Рэн не повернулся. Его губы шевельнулись — беззвучно, как у рыбы подо льдом.

— Белое, — сказал он.

Тэруо ждал. Рэн сказал:

— Белое смотрит.

На двенадцатый день лёд на ставнях пошёл трещинами.

Тэруо заметил первым — потому что смотрел на ставни храма каждое утро, и каждое утро лёд был гладким, как стекло, молочно-белым, без рисунка. На двенадцатое утро он увидел трещины. Они расходились от центра — тонкие, ветвистые, как корни дерева, и Тэруо сначала не понял, что его беспокоит, а потом понял: трещины складывались в формы. Не в рисунки — в формы. В линии, которые можно было принять за лица, если смотреть быстро, и которые переставали быть лицами, если смотреть внимательно. Как будто лёд хотел что-то показать, но не решался.

Тэруо соскоблил лёд. На следующее утро трещины вернулись — другие, но с тем же выражением, если можно назвать выражением то, что не было ни глазами, ни ртом, ни носом, но чем-то, что знало, что это — лицо.

Он перестал скоблить на четырнадцатый день. На пятнадцатый — трещины на ставнях соседнего дома сложились в профиль, который Тэруо узнал. Это было лицо его наставника, монаха Дзэнкая, умершего семнадцать лет назад. Тэруо смотрел на него долго. Лёд смотрел в ответ.

На шестнадцатый день он попросил всех не смотреть на ставни. Люди послушались. Но лёд смотрел на них и без их разрешения.

К двадцатому дню деревня забыла, какого цвета небо.

Оно было белым. Всегда белым. Не серым, не мутным — белым, ярким, как лист бумаги, на котором не написано ни одного слова. Солнце не было видно, но свет был — ровный, без источника, без направления, как будто свет шёл отовсюду и ниоткуда. Тени исчезли. Тени — исчезли. Это было то, чего Тэруо не мог объяснить и не пытался: в мире, где нет теней, вещи перестают быть трёхмерными. Они становятся плоскими. Дом — плоский. Дерево — плоское. Человек — плоский.

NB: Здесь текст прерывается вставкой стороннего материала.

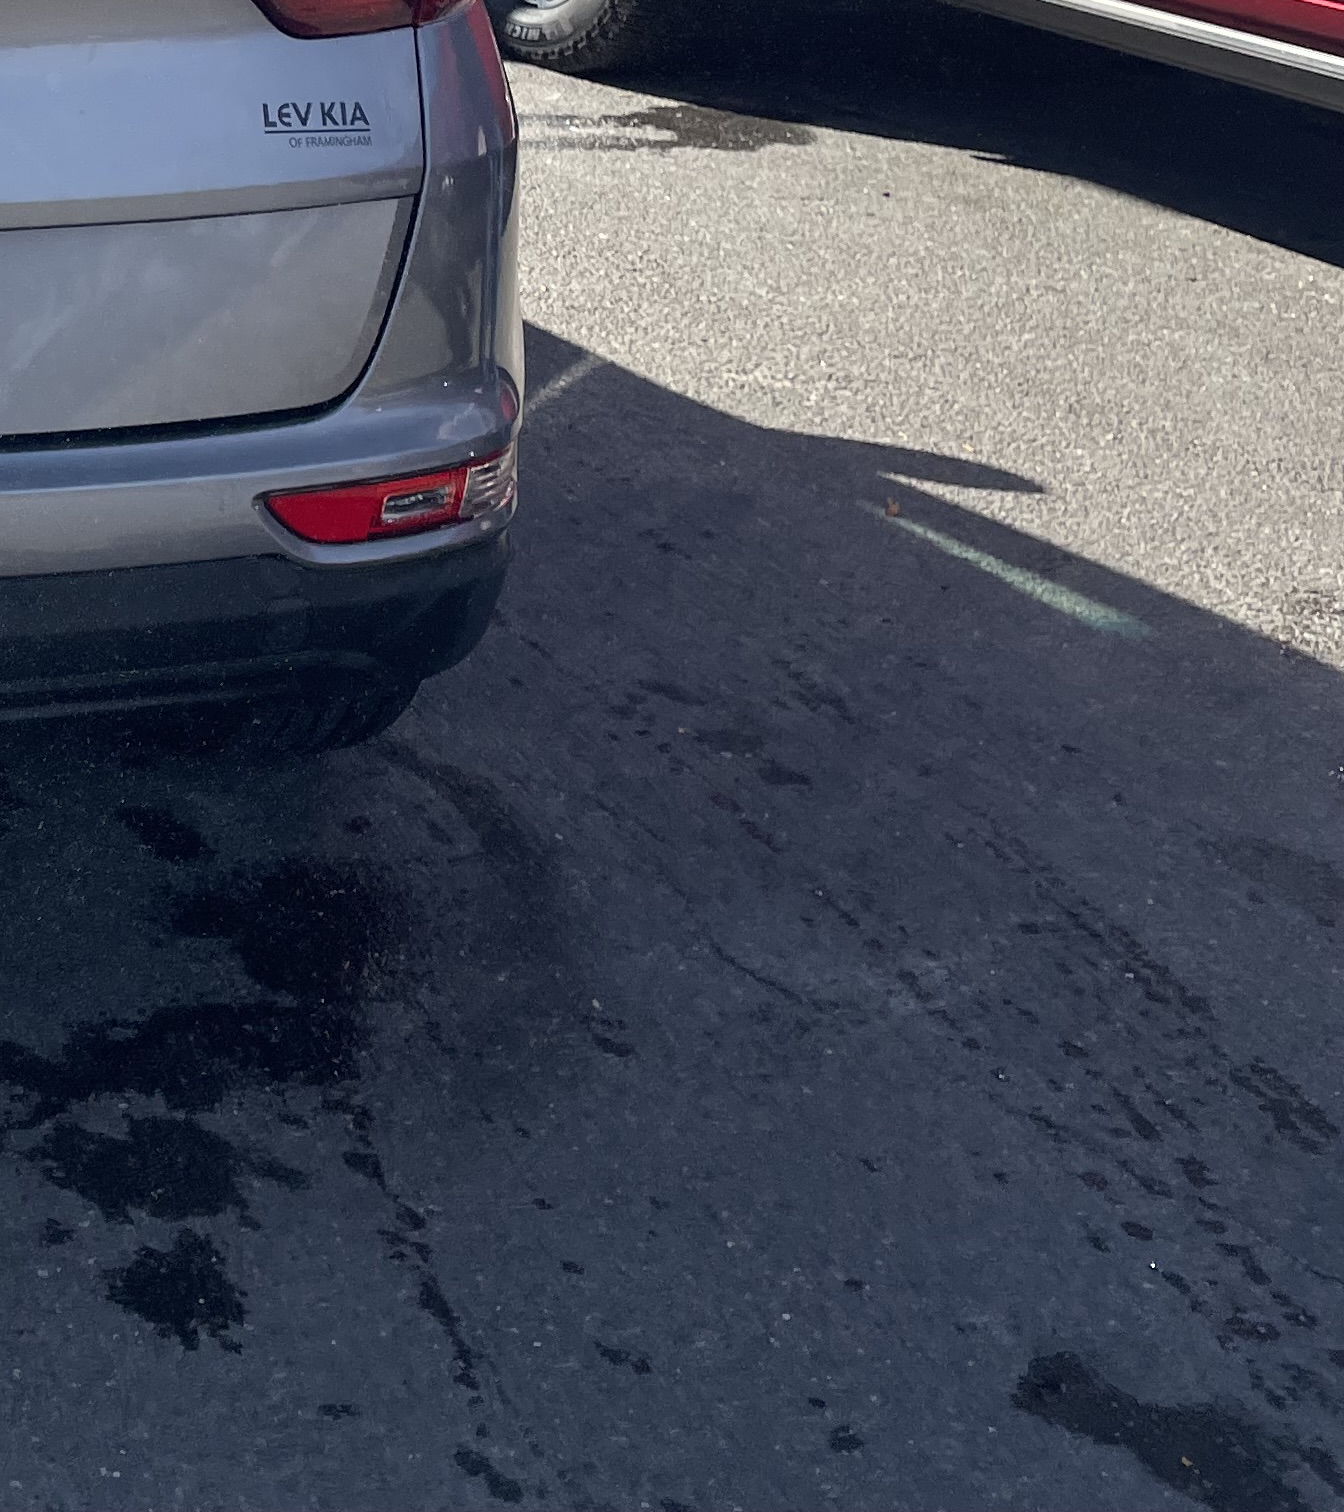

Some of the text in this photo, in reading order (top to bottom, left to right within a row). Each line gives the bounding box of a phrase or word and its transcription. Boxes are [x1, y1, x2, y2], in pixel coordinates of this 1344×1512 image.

[262, 100, 371, 128] LEV KIA
[288, 135, 373, 149] OF FRAMINGHAM
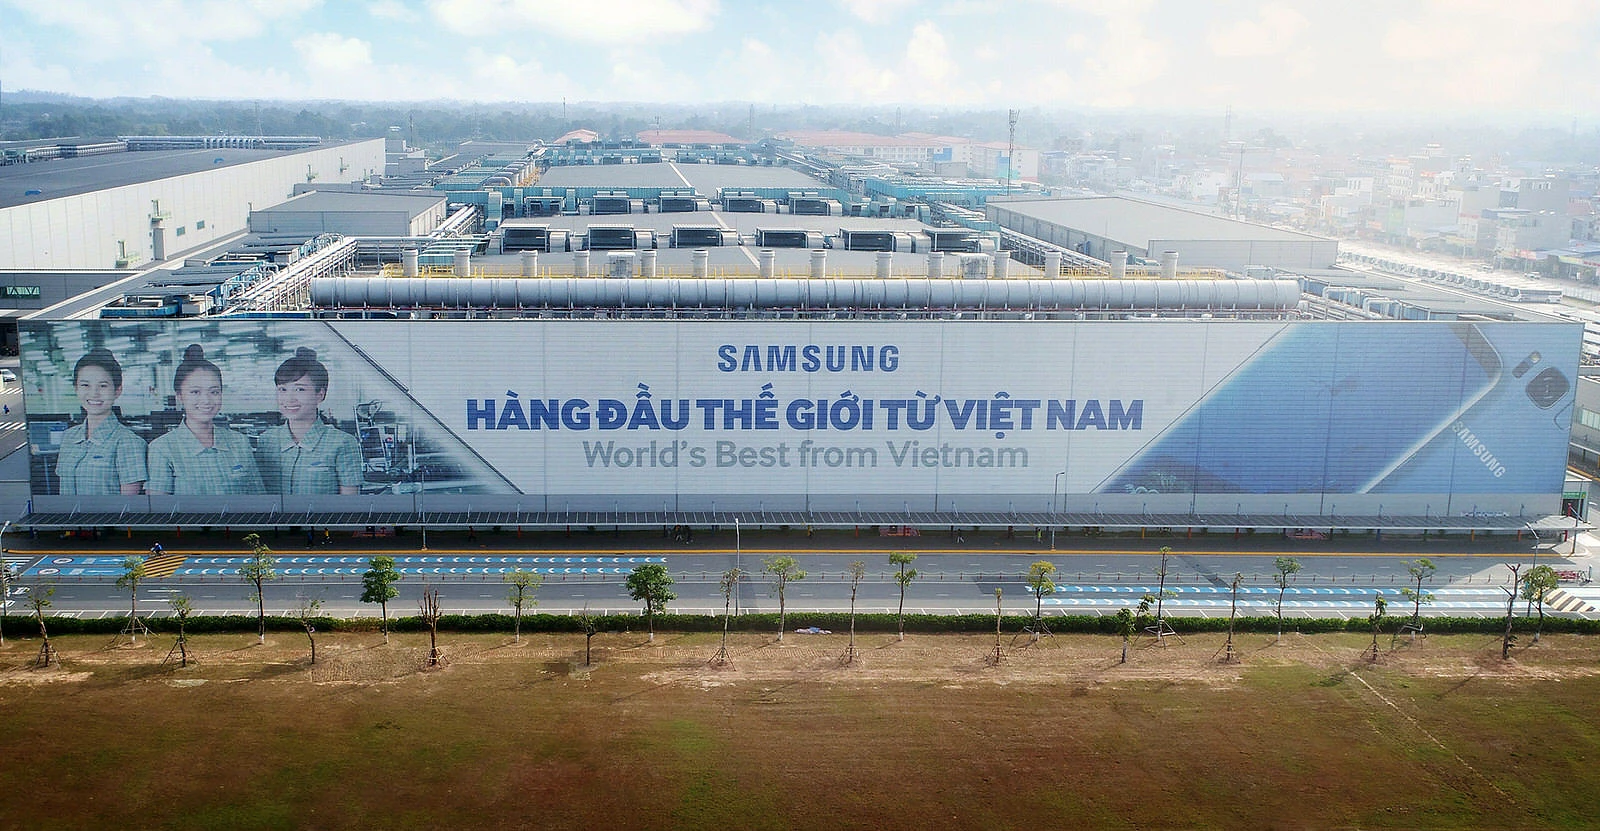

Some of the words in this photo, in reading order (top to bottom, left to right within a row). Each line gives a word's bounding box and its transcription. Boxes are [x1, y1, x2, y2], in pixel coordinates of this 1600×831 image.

[717, 344, 900, 373] SAMSUNG
[466, 389, 592, 431] HÀNG
[595, 382, 691, 431] ĐẦU
[696, 382, 780, 431] THẾ
[785, 389, 874, 431] GIỚI
[880, 389, 942, 431] TỪ
[944, 391, 1042, 440] VIỆT
[1046, 399, 1144, 431] NAM
[715, 440, 791, 468] Best
[798, 440, 878, 468] from
[885, 440, 1029, 468] Vietnam
[1453, 420, 1505, 478] SAMSUNG
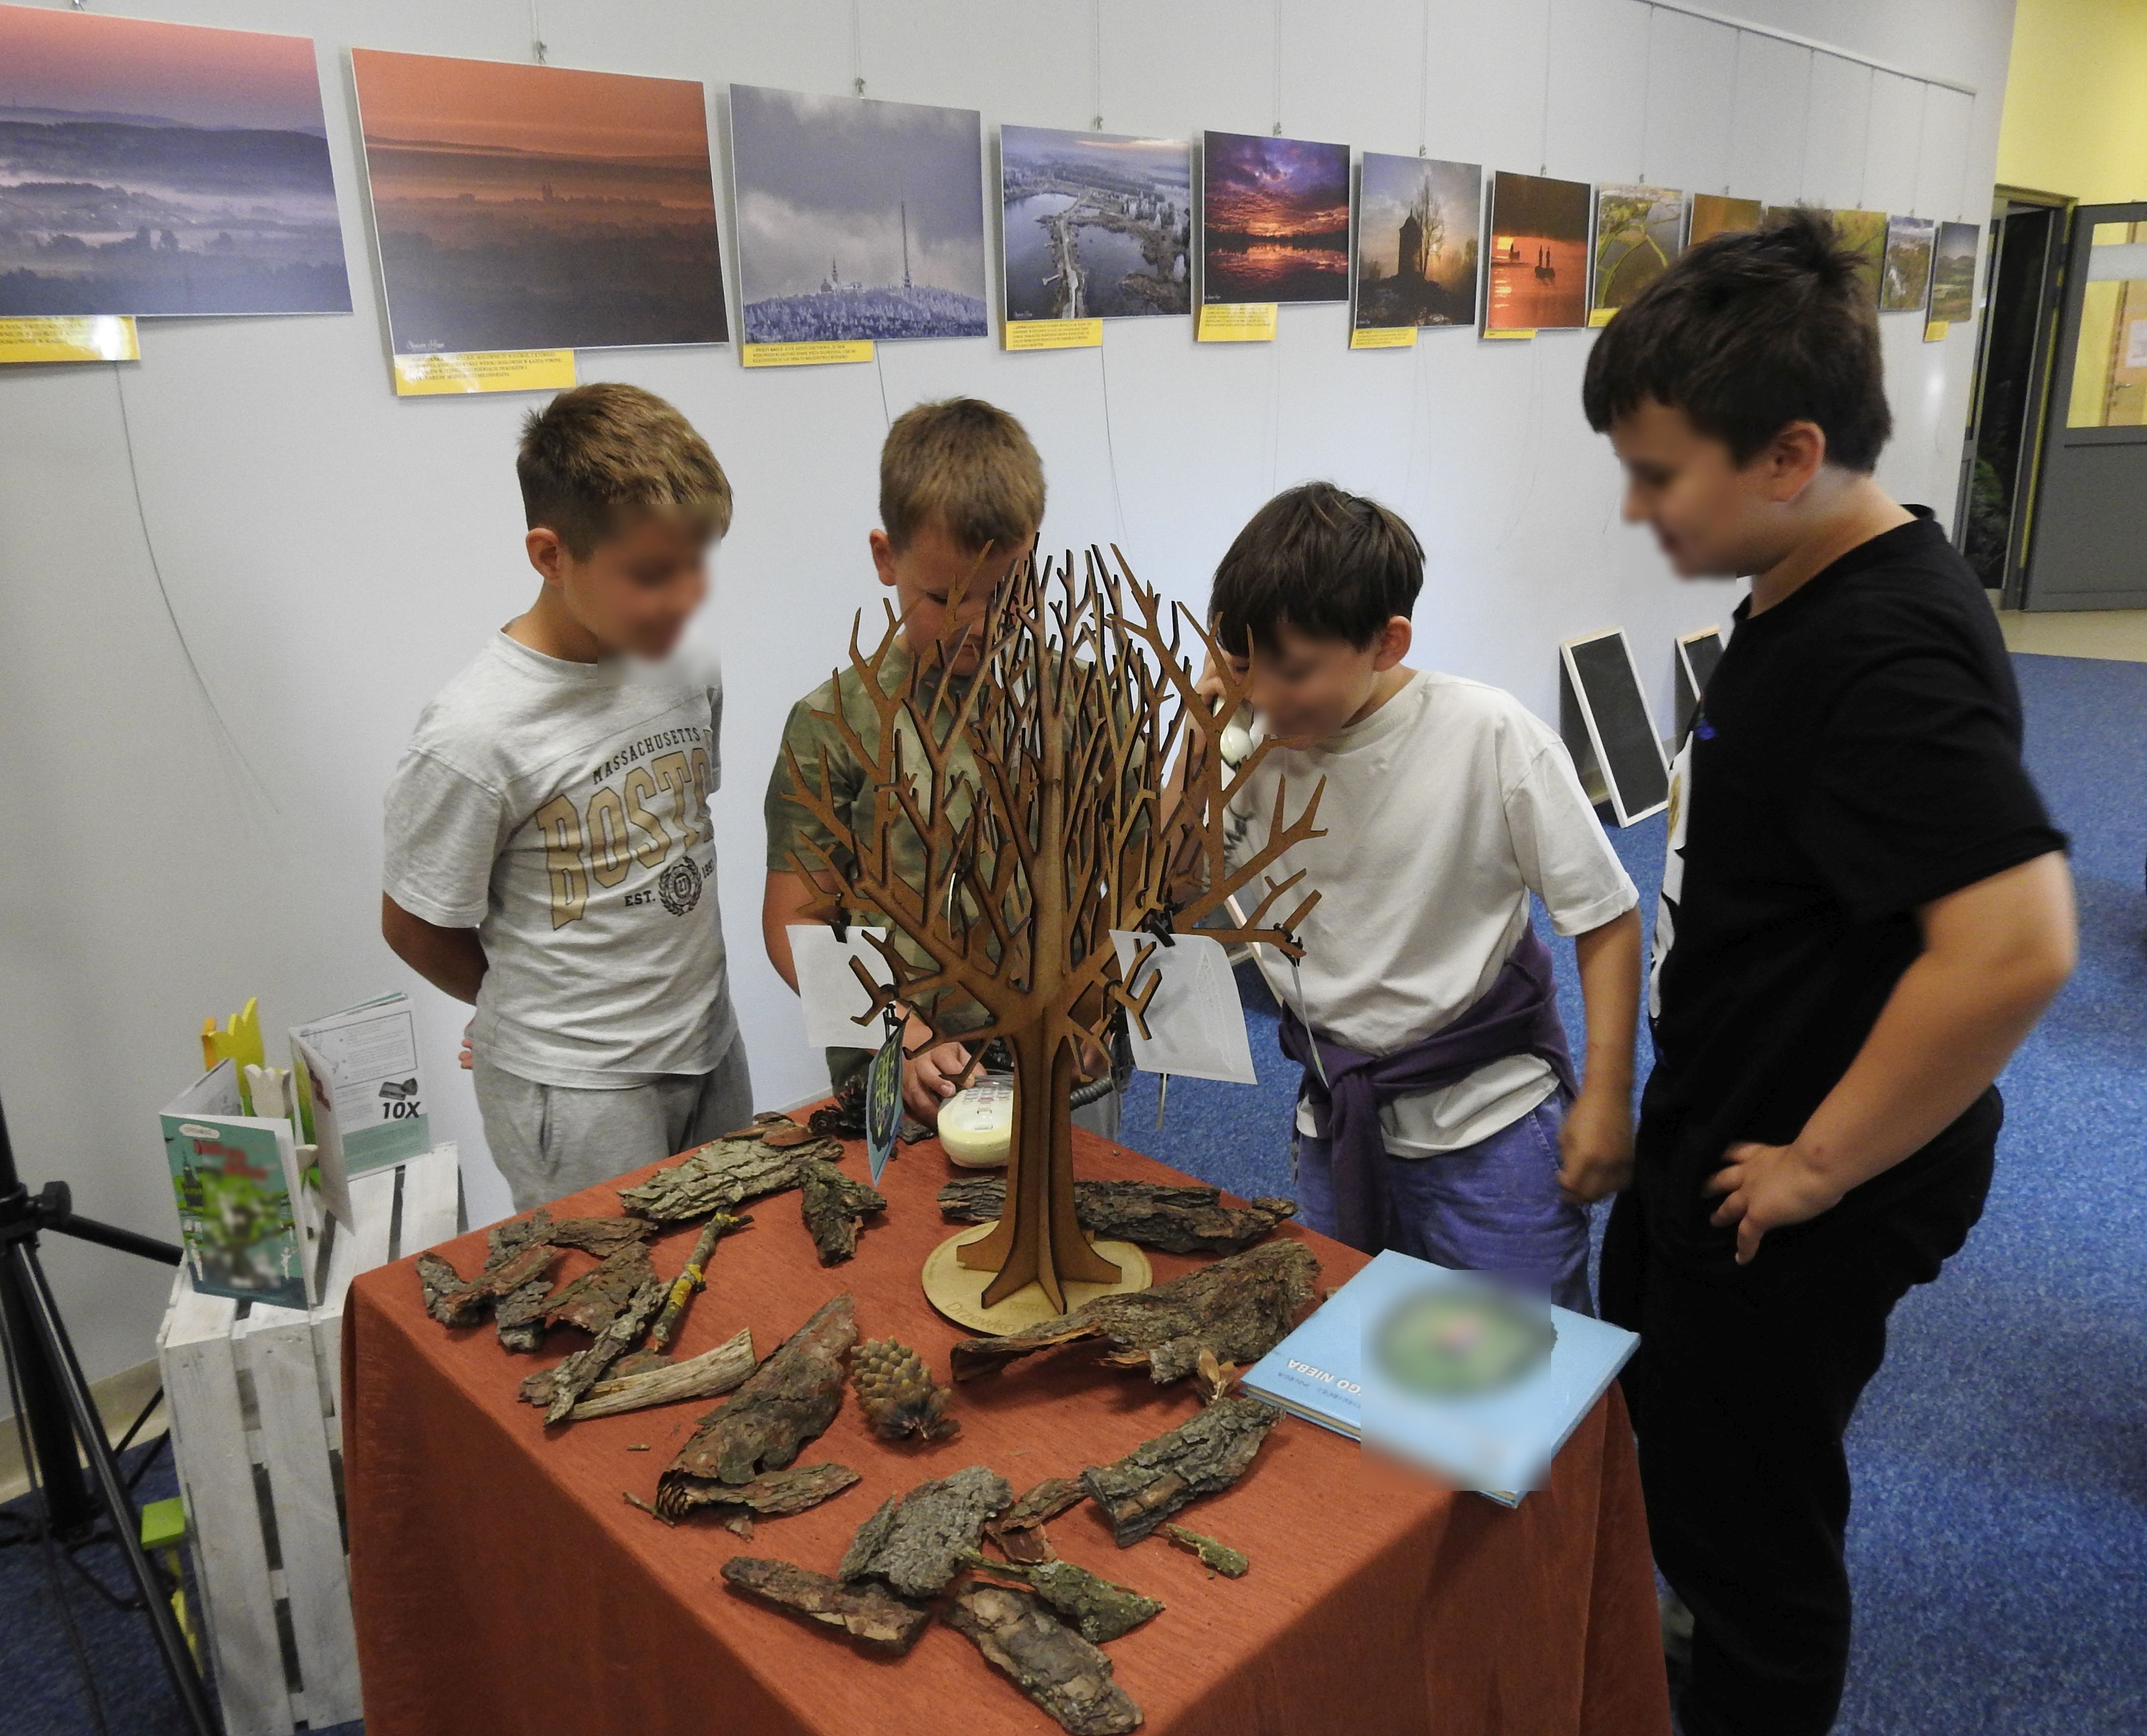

Тэруо поднимал руку и видел: рука — плоская, как вырезанная из бумаги, и только тень под мышкой, тонкая, едва заметная, напоминала, что у руки есть толщина.

К двадцать второму дню люди начали говорить шёпотом. Не потому, что боялись быть громкими — потому, что громкие звуки исчезали. Голос, сказанный в полный голос, не долетал до собеседника. Он рассыпался на полпути, как снежинка, которую бросили в ветер. Шёпот — долетал. Шёпот был сильнее крика. Это было первое, что Тэруо записал в дневнике, который начал вести на двадцать третий день, на обратной стороне счётной книги, одолженной у Горо.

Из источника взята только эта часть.